■ **Your task**
An exact copy of all the entries is what is needed here.

■ **Exercise data**

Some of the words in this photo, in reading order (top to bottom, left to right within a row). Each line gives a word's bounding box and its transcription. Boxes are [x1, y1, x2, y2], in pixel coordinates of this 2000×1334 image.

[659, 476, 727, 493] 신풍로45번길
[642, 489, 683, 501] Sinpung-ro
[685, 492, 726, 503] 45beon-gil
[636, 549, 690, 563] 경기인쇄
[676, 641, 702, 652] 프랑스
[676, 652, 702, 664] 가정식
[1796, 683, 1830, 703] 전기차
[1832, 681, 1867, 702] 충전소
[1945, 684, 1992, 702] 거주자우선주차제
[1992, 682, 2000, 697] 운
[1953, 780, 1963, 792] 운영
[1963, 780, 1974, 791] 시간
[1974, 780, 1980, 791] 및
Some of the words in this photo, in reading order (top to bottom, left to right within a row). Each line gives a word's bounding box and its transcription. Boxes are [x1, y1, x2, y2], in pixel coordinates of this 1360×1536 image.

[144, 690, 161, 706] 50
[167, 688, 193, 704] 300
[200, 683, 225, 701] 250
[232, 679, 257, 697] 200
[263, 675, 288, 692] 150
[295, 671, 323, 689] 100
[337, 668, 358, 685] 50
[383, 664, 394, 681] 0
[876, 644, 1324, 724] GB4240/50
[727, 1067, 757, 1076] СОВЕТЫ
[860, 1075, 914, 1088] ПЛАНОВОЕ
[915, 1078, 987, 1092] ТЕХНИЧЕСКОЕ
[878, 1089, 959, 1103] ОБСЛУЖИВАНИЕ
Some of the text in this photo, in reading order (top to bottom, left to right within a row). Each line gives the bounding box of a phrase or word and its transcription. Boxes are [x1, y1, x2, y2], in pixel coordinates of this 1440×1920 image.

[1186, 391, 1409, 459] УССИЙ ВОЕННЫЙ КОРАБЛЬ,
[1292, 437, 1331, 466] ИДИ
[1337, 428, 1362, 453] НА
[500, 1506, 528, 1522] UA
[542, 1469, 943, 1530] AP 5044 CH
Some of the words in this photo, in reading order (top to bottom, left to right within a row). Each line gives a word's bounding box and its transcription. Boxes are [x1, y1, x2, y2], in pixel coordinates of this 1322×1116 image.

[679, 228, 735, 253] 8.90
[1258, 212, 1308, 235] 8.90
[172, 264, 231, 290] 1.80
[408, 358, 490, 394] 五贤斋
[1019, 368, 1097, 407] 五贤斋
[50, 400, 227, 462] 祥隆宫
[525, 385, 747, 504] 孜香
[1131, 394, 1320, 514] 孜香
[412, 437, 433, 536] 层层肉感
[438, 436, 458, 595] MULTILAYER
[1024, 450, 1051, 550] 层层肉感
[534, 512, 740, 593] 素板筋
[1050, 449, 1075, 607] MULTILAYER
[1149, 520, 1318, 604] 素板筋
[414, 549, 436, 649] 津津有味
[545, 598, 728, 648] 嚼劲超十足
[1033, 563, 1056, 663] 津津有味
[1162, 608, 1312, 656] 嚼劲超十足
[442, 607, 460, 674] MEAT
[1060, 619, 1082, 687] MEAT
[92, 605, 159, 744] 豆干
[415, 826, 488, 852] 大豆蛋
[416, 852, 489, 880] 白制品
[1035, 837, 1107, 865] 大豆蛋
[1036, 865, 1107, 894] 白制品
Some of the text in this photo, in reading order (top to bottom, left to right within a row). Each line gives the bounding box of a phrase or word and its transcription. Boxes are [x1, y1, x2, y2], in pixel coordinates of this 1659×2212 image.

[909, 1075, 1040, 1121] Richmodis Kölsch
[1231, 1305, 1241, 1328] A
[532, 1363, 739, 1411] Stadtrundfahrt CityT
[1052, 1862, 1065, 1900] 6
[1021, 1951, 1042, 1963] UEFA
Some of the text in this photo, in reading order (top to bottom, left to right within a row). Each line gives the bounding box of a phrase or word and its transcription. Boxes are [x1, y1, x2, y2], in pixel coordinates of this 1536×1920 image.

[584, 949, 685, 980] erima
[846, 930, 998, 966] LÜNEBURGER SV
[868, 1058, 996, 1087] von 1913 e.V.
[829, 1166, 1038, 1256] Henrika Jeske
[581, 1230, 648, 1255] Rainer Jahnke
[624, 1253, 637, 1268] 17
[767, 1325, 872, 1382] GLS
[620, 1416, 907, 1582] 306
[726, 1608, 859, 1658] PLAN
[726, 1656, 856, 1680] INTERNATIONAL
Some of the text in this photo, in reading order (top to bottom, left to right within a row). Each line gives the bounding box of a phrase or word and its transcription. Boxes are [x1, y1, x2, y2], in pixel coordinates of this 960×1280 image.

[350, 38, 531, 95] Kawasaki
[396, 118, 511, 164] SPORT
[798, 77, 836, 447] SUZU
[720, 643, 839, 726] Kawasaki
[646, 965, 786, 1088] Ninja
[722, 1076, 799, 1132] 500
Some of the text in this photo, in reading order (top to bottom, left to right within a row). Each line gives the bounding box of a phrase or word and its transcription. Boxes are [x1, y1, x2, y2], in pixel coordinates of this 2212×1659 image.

■ **Expected output**
Some of the words in this photo, in reading order (top to bottom, left to right within a row). Each line gives a word's bounding box and its transcription. Boxes are [x1, y1, x2, y2], in pixel coordinates of this 2000×1334 image.

[659, 476, 727, 493] 신풍로45번길
[642, 489, 683, 501] Sinpung-ro
[685, 492, 726, 503] 45beon-gil
[636, 549, 690, 563] 경기인쇄
[676, 641, 702, 652] 프랑스
[676, 652, 702, 664] 가정식
[1796, 683, 1830, 703] 전기차
[1832, 681, 1867, 702] 충전소
[1945, 684, 1992, 702] 거주자우선주차제
[1992, 682, 2000, 697] 운
[1953, 780, 1963, 792] 운영
[1963, 780, 1974, 791] 시간
[1974, 780, 1980, 791] 및
Some of the words in this photo, in reading order (top to bottom, left to right within a row). Each line gives a word's bounding box and its transcription. Boxes are [x1, y1, x2, y2], in pixel coordinates of this 1360×1536 image.

[144, 690, 161, 706] 50
[167, 688, 193, 704] 300
[200, 683, 225, 701] 250
[232, 679, 257, 697] 200
[263, 675, 288, 692] 150
[295, 671, 323, 689] 100
[337, 668, 358, 685] 50
[383, 664, 394, 681] 0
[876, 644, 1324, 724] GB4240/50
[727, 1067, 757, 1076] СОВЕТЫ
[860, 1075, 914, 1088] ПЛАНОВОЕ
[915, 1078, 987, 1092] ТЕХНИЧЕСКОЕ
[878, 1089, 959, 1103] ОБСЛУЖИВАНИЕ
Some of the text in this photo, in reading order (top to bottom, left to right within a row). Each line gives the bounding box of a phrase or word and its transcription. Boxes are [x1, y1, x2, y2], in pixel coordinates of this 1440×1920 image.

[1186, 391, 1409, 459] УССИЙ ВОЕННЫЙ КОРАБЛЬ,
[1292, 437, 1331, 466] ИДИ
[1337, 428, 1362, 453] НА
[500, 1506, 528, 1522] UA
[542, 1469, 943, 1530] AP 5044 CH
Some of the words in this photo, in reading order (top to bottom, left to right within a row). Each line gives a word's bounding box and its transcription. Boxes are [x1, y1, x2, y2], in pixel coordinates of this 1322×1116 image.

[679, 228, 735, 253] 8.90
[1258, 212, 1308, 235] 8.90
[172, 264, 231, 290] 1.80
[408, 358, 490, 394] 五贤斋
[1019, 368, 1097, 407] 五贤斋
[50, 400, 227, 462] 祥隆宫
[525, 385, 747, 504] 孜香
[1131, 394, 1320, 514] 孜香
[412, 437, 433, 536] 层层肉感
[438, 436, 458, 595] MULTILAYER
[1024, 450, 1051, 550] 层层肉感
[534, 512, 740, 593] 素板筋
[1050, 449, 1075, 607] MULTILAYER
[1149, 520, 1318, 604] 素板筋
[414, 549, 436, 649] 津津有味
[545, 598, 728, 648] 嚼劲超十足
[1033, 563, 1056, 663] 津津有味
[1162, 608, 1312, 656] 嚼劲超十足
[442, 607, 460, 674] MEAT
[1060, 619, 1082, 687] MEAT
[92, 605, 159, 744] 豆干
[415, 826, 488, 852] 大豆蛋
[416, 852, 489, 880] 白制品
[1035, 837, 1107, 865] 大豆蛋
[1036, 865, 1107, 894] 白制品
Some of the text in this photo, in reading order (top to bottom, left to right within a row). Each line gives the bounding box of a phrase or word and its transcription. Boxes are [x1, y1, x2, y2], in pixel coordinates of this 1659×2212 image.

[909, 1075, 1040, 1121] Richmodis Kölsch
[1231, 1305, 1241, 1328] A
[532, 1363, 739, 1411] Stadtrundfahrt CityT
[1052, 1862, 1065, 1900] 6
[1021, 1951, 1042, 1963] UEFA
Some of the text in this photo, in reading order (top to bottom, left to right within a row). Each line gives the bounding box of a phrase or word and its transcription. Boxes are [x1, y1, x2, y2], in pixel coordinates of this 1536×1920 image.

[584, 949, 685, 980] erima
[846, 930, 998, 966] LÜNEBURGER SV
[868, 1058, 996, 1087] von 1913 e.V.
[829, 1166, 1038, 1256] Henrika Jeske
[581, 1230, 648, 1255] Rainer Jahnke
[624, 1253, 637, 1268] 17
[767, 1325, 872, 1382] GLS
[620, 1416, 907, 1582] 306
[726, 1608, 859, 1658] PLAN
[726, 1656, 856, 1680] INTERNATIONAL
Some of the text in this photo, in reading order (top to bottom, left to right within a row). Each line gives the bounding box of a phrase or word and its transcription. Boxes are [x1, y1, x2, y2], in pixel coordinates of this 960×1280 image.

[350, 38, 531, 95] Kawasaki
[396, 118, 511, 164] SPORT
[798, 77, 836, 447] SUZU
[720, 643, 839, 726] Kawasaki
[646, 965, 786, 1088] Ninja
[722, 1076, 799, 1132] 500
Some of the text in this photo, in reading order (top to bottom, left to right within a row). Each line gives the bounding box of a phrase or word and its transcription. Boxes are [x1, y1, x2, y2], in pixel coordinates of this 2212×1659 image.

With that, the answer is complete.